What is the Options Framework?

The Options Framework is a formal method for introducing temporal abstraction into reinforcement learning, enabling agents to plan and execute extended sequences of actions as single, reusable units.

The Options Framework is a formalism for temporal abstraction in reinforcement learning (RL), where an option is a temporally extended action consisting of three components: an initiation set (states where the option can start), an internal policy (the sequence of primitive actions to execute), and a termination condition (a probability of stopping in each state). This framework allows an agent to operate at a higher level of planning, treating complex skills as building blocks within a Semi-Markov Decision Process (SMDP). It is foundational for hierarchical reinforcement learning, enabling more efficient exploration and long-horizon task decomposition.

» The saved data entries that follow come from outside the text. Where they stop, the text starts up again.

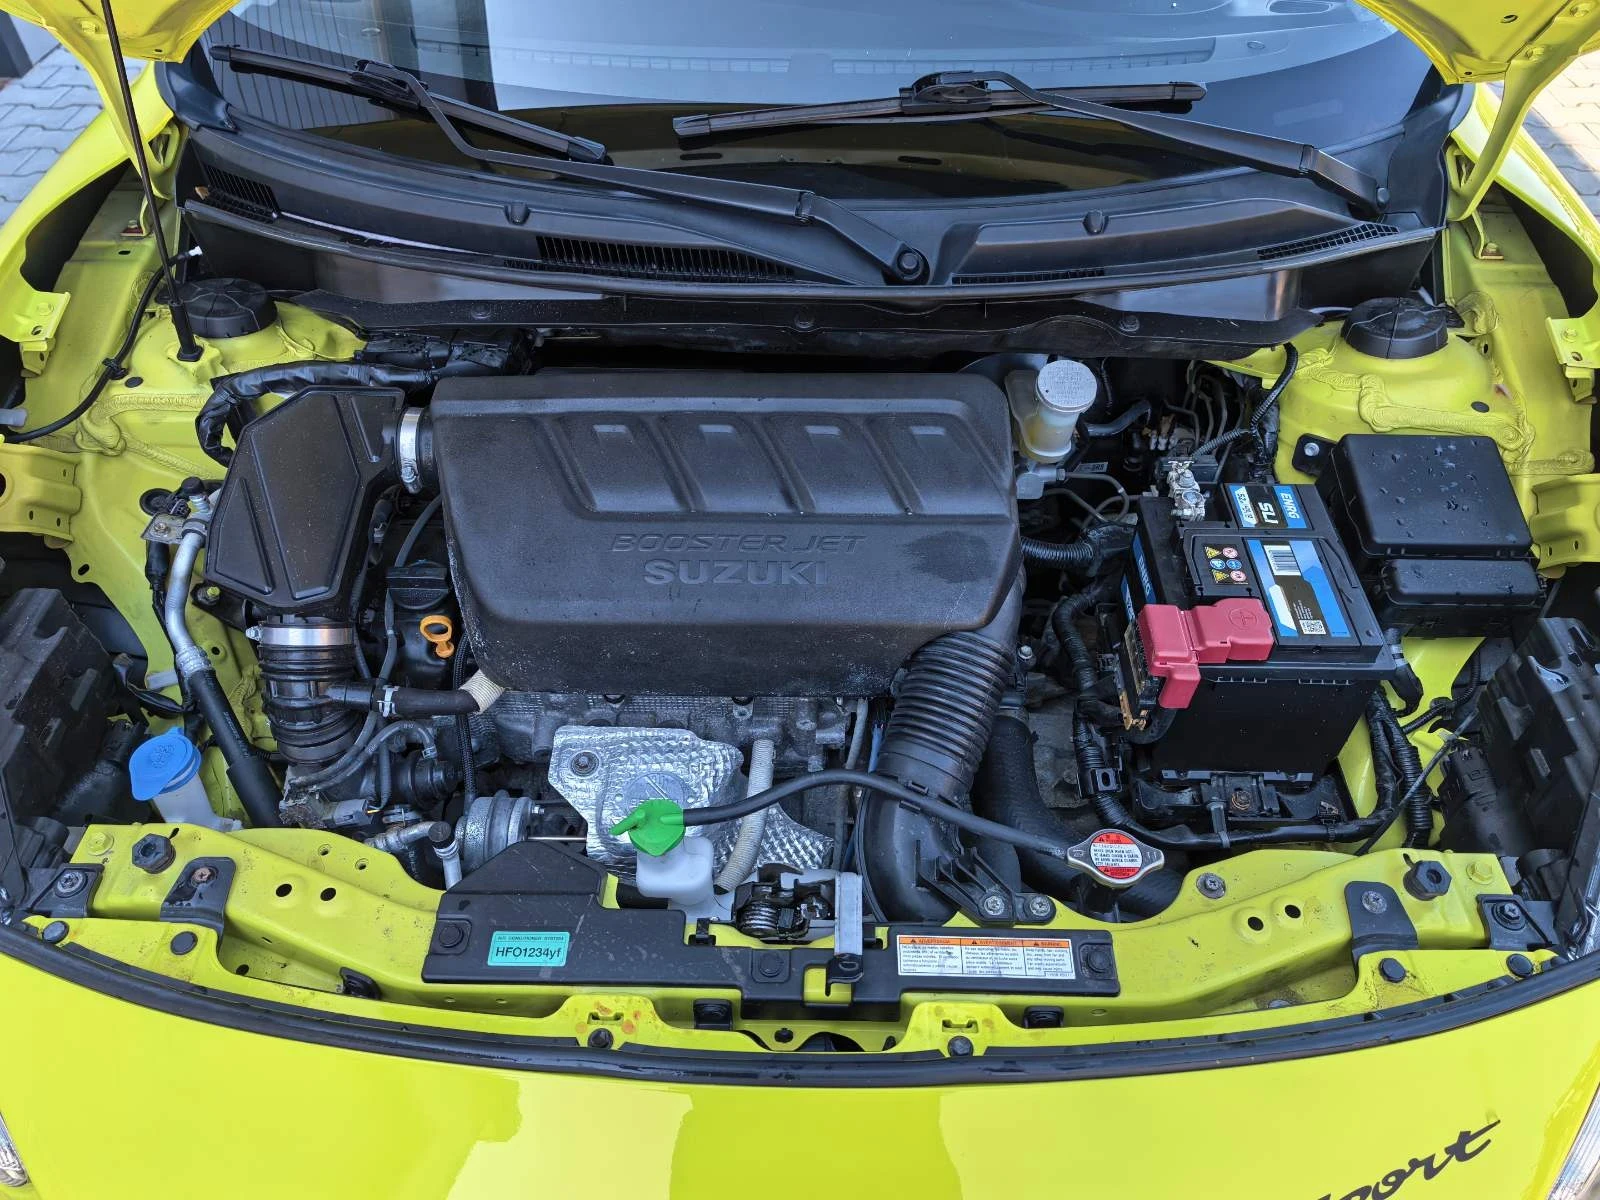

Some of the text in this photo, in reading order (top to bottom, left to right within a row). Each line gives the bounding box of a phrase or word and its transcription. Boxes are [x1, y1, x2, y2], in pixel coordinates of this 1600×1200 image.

[1258, 502, 1278, 524] SLI
[1280, 493, 1299, 519] ENRG
[611, 533, 866, 552] BOOSTER JET
[644, 558, 828, 585] SUZUKI
[495, 947, 561, 960] HFO1234yf

By grouping primitive actions into options, agents can learn macro-actions that persist over multiple time steps, dramatically improving sample efficiency and planning scalability. The framework connects closely with skill discovery and intrinsic motivation, where options can be learned to represent useful subroutines. In robotics and embodied AI, options correspond to reusable motion primitives or behavioral modules. The formalism generalizes standard RL, as primitive actions are simply one-step options, and provides a mathematical bridge to hierarchical task and motion planning.

OPTIONS FRAMEWORK

The Three Components of an Option

An option is a formal abstraction for a temporally extended action in reinforcement learning. It is defined by three core components that enable hierarchical planning and skill reuse.

01

Initiation Set

The initiation set defines the set of states from which an option can be started. It is a subset of the environment's state space, often denoted as I ⊆ S. This component determines when a temporally extended skill is available for execution.

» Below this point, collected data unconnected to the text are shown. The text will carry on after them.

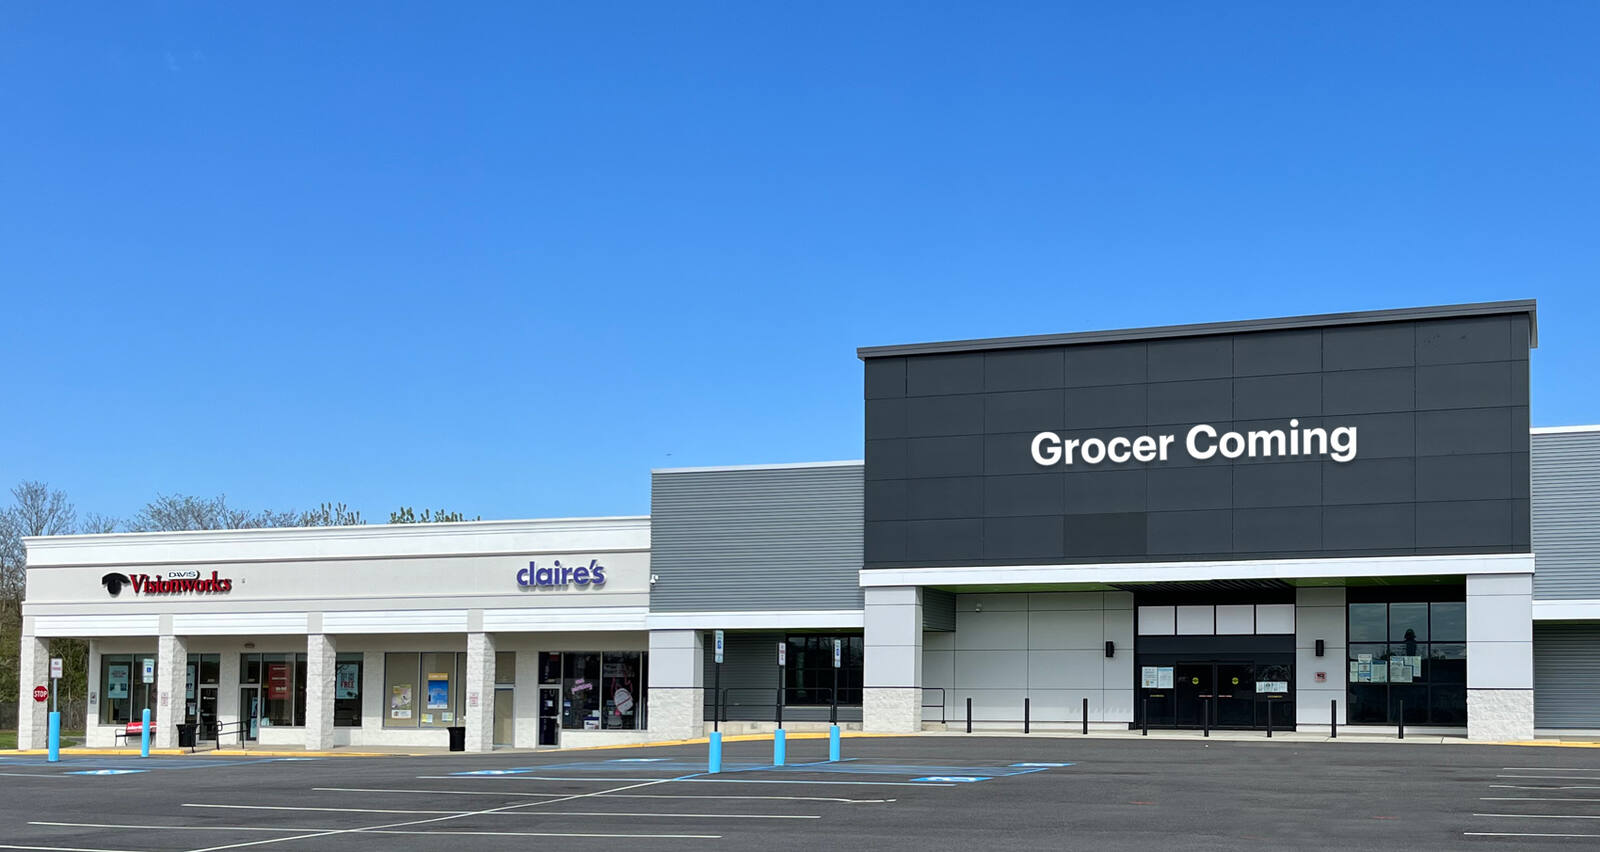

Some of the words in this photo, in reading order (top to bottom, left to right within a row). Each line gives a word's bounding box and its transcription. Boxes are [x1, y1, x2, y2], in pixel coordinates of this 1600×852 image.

[1031, 431, 1174, 466] Grocer
[1186, 419, 1357, 463] Coming
[129, 571, 232, 594] Visionworks
[516, 559, 605, 586] claire's
[34, 690, 48, 698] STOP

  • Formal Role: Acts as a precondition or gating function.
  • Example: For a robot's 'open door' option, the initiation set includes states where the robot is near a closed door and its gripper is empty.
  • Key Property: If the agent is not in a state within the initiation set, the option cannot be invoked, ensuring actions are contextually appropriate.
02

Internal Policy

The internal policy (π) is the strategy that dictates which primitive action to take at each step while the option is executing. It maps from states within the option's scope to primitive actions (a ∈ A).

  • Formal Role: The 'how' of the option—the sequence of low-level controls.
  • Example: For a 'navigate to kitchen' option, the internal policy would be a mapping from sensor inputs (lidar, camera) to wheel velocities.
  • Key Property: This policy is followed until the termination condition is met, abstracting away a potentially long sequence of primitive actions into a single decision point.
03

Termination Condition

The termination condition (β) is a function that specifies the probability of the option terminating in any given state. It defines when the temporally extended action is considered complete, returning control to a higher-level policy.

  • Formal Role: β(s) → [0,1], where β(s) is the probability of terminating upon entering state s.
  • Example: For the 'pick up cup' option, β(s) = 1.0 when the cup is securely in the gripper, and 0.0 otherwise.
  • Key Property: Provides temporal abstraction; the agent commits to the option's internal policy until β indicates termination, enabling planning over longer time horizons.
04

Semi-Markov Property

A critical feature of the options framework is that an option, once initiated, executes until termination independent of the higher-level policy that selected it. This is known as the semi-Markov property.

  • Formal Implication: The future after an option is chosen depends only on the current state, not the history of states and actions within the option.
  • Benefit: This property allows options to be treated as single, indivisible actions at a higher level of abstraction, enabling the use of standard MDP solution methods (like value iteration) over the new action set of options.
05

Relation to Hierarchical RL

Options are the foundational building block for Hierarchical Reinforcement Learning (HRL). By grouping primitive actions, they create a hierarchy of policies.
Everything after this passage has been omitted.